Огонь Паскаля. Проблески. Новый Левиaфан
Опубликовано в журнале Вестник Европы, номер 30, 2011
Григорий Померанц
2 эссе
ОГОНЬ ПАСКАЛЯ
Огонь! Огонь! Огонь без края, Огонь, не знающий конца. Огонь, который, разгораясь, Творит солнца. Огонь, который жжет и рушит Все стены на пути своем, — Но вовсе не сжигает душу, А делает ее Огнем. З.М. (Зинаида Миркина) |
Когда проходят несколько десятков лет, прошлое, казавшееся законченным, смотрится по-новому. Великое открытие рассыпается в прах, а незамеченная деталь вдруг вырастает и раскрывается. Так было с плодами медитации, которой я упорно занимался весной 1938 года. Мне уже приходилось писать, что тогда я решился преодолеть ничтожество человека перед бездной космоса и чего-то добился; в ярком свете озарения я увидел сразу две модели вселенной с человеком в центре. В обоих случаях человек переставал быть ничтожной песчинкой и становился узлом, в котором связан весь мир.
Несколько смущало меня, что узлов оказалось два. Но разбирать, почему это так, не хотелось. Прошло много лет, пока я понял, что озарение озаряет только то, что уже складывается в уме. А в уме складывается то, что ему по силам, что как-то соответствует его кругозору. И яркое озарение бушмена будет бушменским, кроманьонца — кроманьонским, а Моисея — ветхозаветным… И все эти озарения — метафоры, и одновременное рождение двойни показывает, что близнецы одинаково условны, остаются на поверхности бытия. В лучшем случае это туманные намеки на глубины, а в худшем — просто нелепость (так это и было в 1938 г., и по заслугам отвергнуто моими друзьями).
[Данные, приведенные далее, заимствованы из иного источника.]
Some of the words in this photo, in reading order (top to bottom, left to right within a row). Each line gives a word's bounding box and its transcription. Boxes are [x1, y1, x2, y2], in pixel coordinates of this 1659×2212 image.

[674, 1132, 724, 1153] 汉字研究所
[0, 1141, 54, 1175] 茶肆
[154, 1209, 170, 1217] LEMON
Однако память озарения пригодилась мне на фронте. Об этом тоже было говорено. Ошеломленный грохотом бомбежки, я не мог справиться со страхом. И вдруг, по ассоциации этого страха со страхом бесконечного пространства и времени выплыло чувство внутреннего огня, внутреннего света, испытанное в марте 1938 г.; и фронтовой страх стремительно растаял, настолько, что хватило до конца войны. Тень страха, коснувшись сердца, тут же исчезала, как страх чумы в гимне Пушкина:
Есть упоение в бою
И бездны мрачной на краю…*
Можно было бы вспомнить и замечательный стих Державина, давший барочный образ человека через ряд оксюморонов: “Я раб, я царь, я червь, я Бог”. Но Державина я в студенческие годы почти пропустил. Между тем, на волне поэтического ритма он дал слову Бог полноту реальности — не меньшей, чем реальность царя; Бог здесь реальность одного из полюсов человечности. И вопреки атеистической выучке человек приобщался к реальности бесконечного духа.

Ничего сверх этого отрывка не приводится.